1. Die Strafkammer hat zu diesem Fall zur Beteiligung des Angeklagten am Absatz von derartigen Zigaretten (10.000 Stangen der Marke "Jin Ling") Folgendes festgestellt:
Nachdem die Zigaretten bereits im Inland waren, war der ursprünglich vorgesehene Abnehmer abgesprungen. Daraufhin wandte sich "D.", der den Transport im Auftrag der Lieferanten organisierte, hilfesuchend an den bisher an dem Geschehen nicht beteiligten Angeklagten, er brauche Lagerfläche und einen Abnehmer. Der Angeklagte nahm Kontakt mit dem gesondert verfolgten O. auf, der an der Abnahme der Zigaretten interessiert war. Der Angeklagte, die Transporteure, O. und ein Partner O. s trafen sich an einer Raststätte. Das Geschäft kam zustande, der Partner O. s dirigierte den Lastwagen mit den Zigaretten in eine Lagerhalle O. s. Der Angeklagte erhielt für die Vermittlung des Geschäfts aus der Lieferung 1.500, mit logistischer Hilfe eines Partners von O. von ihm dann weiterverkaufte Stangen Zigaretten zu einem Vorzugspreis, wobei er letztlich mit "D." abrechnete.

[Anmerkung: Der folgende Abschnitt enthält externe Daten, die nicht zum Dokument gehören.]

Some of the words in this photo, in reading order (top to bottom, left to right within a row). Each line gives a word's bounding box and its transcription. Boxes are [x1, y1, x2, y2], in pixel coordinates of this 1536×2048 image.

2. Die Strafkammer hat hinsichtlich der gesamten Lieferung (aus näher dargelegten Gründen gewerbsmäßige) Steuerhehlerei (§ 374 AO) in Form von Absatzhilfe angenommen. Als hinterzogene Steuer hat sie dabei nur (sachgerecht; vgl. hierzu BGH, Beschluss vom 9. Juni 2011 - 1 StR 21/11 mwN) die deutsche Tabaksteuer zugrunde gelegt.
Die Revision meint, Steuerhehlerei liege lediglich hinsichtlich der Übernahme der 1.500 Stangen Zigaretten vor. Soweit der Angeklagte davor gehandelt habe, seien die Zigaretten insgesamt noch nicht "zur Ruhe gekommen", die Steuerhinterziehung also noch nicht beendet gewesen. Daher könne er insoweit keine Steuerhehlerei begangen haben, es liege vielmehr Beihilfe zur Steuerhinterziehung vor.

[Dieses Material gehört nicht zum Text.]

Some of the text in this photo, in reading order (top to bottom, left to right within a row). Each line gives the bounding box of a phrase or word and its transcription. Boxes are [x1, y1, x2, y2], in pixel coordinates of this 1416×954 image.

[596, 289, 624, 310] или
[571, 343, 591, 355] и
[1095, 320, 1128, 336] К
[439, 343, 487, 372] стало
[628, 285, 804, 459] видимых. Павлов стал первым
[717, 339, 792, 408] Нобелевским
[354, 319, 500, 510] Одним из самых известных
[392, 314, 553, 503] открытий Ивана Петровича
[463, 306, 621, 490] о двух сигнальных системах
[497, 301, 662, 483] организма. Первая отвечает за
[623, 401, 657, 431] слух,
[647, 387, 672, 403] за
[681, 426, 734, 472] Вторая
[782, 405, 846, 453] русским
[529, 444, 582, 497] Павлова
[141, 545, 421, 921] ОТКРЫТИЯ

3. Der Senat sieht keinen den Angeklagten belastenden Rechtsfehler.
a) Als der Angeklagte Kontakt mit O. aufnahm, war die Steuerhinterziehung zwar bereits vollendet, aber noch nicht beendet, da die Zigaretten bereits im Inland, aber noch nicht "zur Ruhe gekommen" waren (vgl. hierzu nur BGH, Urteil vom 2. Februar 2010 - 1 StR 635/09 mwN).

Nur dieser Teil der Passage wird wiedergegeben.